What needs to be done ->
Should any entry seem unclear, still set it down exactly as given, along with all the others.
◇ ◇ ◇
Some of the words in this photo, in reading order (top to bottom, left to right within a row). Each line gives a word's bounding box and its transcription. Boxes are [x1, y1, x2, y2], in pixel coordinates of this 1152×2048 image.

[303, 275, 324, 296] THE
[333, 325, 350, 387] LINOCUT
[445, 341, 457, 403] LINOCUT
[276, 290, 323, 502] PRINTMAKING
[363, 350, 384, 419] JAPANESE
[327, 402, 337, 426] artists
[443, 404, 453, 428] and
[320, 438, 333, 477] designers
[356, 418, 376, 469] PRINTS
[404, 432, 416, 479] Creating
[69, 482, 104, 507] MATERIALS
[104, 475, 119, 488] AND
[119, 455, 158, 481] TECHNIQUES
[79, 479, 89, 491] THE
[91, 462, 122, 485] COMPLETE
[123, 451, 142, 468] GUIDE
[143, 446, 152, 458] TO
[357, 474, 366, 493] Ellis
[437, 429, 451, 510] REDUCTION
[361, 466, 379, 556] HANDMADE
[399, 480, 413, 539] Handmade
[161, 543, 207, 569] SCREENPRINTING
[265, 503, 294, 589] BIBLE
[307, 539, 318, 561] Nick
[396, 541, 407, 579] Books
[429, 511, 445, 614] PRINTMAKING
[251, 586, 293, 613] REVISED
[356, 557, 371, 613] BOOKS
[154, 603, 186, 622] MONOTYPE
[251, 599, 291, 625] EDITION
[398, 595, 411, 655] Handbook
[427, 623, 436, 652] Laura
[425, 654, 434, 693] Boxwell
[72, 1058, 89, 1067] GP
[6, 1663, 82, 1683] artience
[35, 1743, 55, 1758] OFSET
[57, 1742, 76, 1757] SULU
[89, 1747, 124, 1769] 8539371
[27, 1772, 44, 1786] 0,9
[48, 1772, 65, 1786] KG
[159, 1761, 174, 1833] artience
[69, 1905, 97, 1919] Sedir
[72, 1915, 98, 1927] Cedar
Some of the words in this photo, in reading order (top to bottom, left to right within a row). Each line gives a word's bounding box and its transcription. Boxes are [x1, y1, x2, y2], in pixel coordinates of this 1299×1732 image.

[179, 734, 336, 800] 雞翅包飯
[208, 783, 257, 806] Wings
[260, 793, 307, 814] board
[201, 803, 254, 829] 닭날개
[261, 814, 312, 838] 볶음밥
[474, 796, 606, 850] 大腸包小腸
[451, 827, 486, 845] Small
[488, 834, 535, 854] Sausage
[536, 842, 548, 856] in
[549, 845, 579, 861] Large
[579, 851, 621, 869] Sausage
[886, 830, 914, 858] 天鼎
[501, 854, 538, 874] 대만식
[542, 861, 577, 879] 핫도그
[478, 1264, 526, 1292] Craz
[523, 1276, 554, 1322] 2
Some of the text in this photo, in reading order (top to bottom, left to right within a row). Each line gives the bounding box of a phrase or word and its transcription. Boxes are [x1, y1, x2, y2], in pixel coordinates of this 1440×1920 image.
◇ ◇ ◇
Written response ->
Some of the words in this photo, in reading order (top to bottom, left to right within a row). Each line gives a word's bounding box and its transcription. Boxes are [x1, y1, x2, y2], in pixel coordinates of this 1152×2048 image.

[303, 275, 324, 296] THE
[333, 325, 350, 387] LINOCUT
[445, 341, 457, 403] LINOCUT
[276, 290, 323, 502] PRINTMAKING
[363, 350, 384, 419] JAPANESE
[327, 402, 337, 426] artists
[443, 404, 453, 428] and
[320, 438, 333, 477] designers
[356, 418, 376, 469] PRINTS
[404, 432, 416, 479] Creating
[69, 482, 104, 507] MATERIALS
[104, 475, 119, 488] AND
[119, 455, 158, 481] TECHNIQUES
[79, 479, 89, 491] THE
[91, 462, 122, 485] COMPLETE
[123, 451, 142, 468] GUIDE
[143, 446, 152, 458] TO
[357, 474, 366, 493] Ellis
[437, 429, 451, 510] REDUCTION
[361, 466, 379, 556] HANDMADE
[399, 480, 413, 539] Handmade
[161, 543, 207, 569] SCREENPRINTING
[265, 503, 294, 589] BIBLE
[307, 539, 318, 561] Nick
[396, 541, 407, 579] Books
[429, 511, 445, 614] PRINTMAKING
[251, 586, 293, 613] REVISED
[356, 557, 371, 613] BOOKS
[154, 603, 186, 622] MONOTYPE
[251, 599, 291, 625] EDITION
[398, 595, 411, 655] Handbook
[427, 623, 436, 652] Laura
[425, 654, 434, 693] Boxwell
[72, 1058, 89, 1067] GP
[6, 1663, 82, 1683] artience
[35, 1743, 55, 1758] OFSET
[57, 1742, 76, 1757] SULU
[89, 1747, 124, 1769] 8539371
[27, 1772, 44, 1786] 0,9
[48, 1772, 65, 1786] KG
[159, 1761, 174, 1833] artience
[69, 1905, 97, 1919] Sedir
[72, 1915, 98, 1927] Cedar
Some of the words in this photo, in reading order (top to bottom, left to right within a row). Each line gives a word's bounding box and its transcription. Boxes are [x1, y1, x2, y2], in pixel coordinates of this 1299×1732 image.

[179, 734, 336, 800] 雞翅包飯
[208, 783, 257, 806] Wings
[260, 793, 307, 814] board
[201, 803, 254, 829] 닭날개
[261, 814, 312, 838] 볶음밥
[474, 796, 606, 850] 大腸包小腸
[451, 827, 486, 845] Small
[488, 834, 535, 854] Sausage
[536, 842, 548, 856] in
[549, 845, 579, 861] Large
[579, 851, 621, 869] Sausage
[886, 830, 914, 858] 天鼎
[501, 854, 538, 874] 대만식
[542, 861, 577, 879] 핫도그
[478, 1264, 526, 1292] Craz
[523, 1276, 554, 1322] 2
Some of the text in this photo, in reading order (top to bottom, left to right within a row). Each line gives the bounding box of a phrase or word and its transcription. Boxes are [x1, y1, x2, y2], in pixel coordinates of this 1440×1920 image.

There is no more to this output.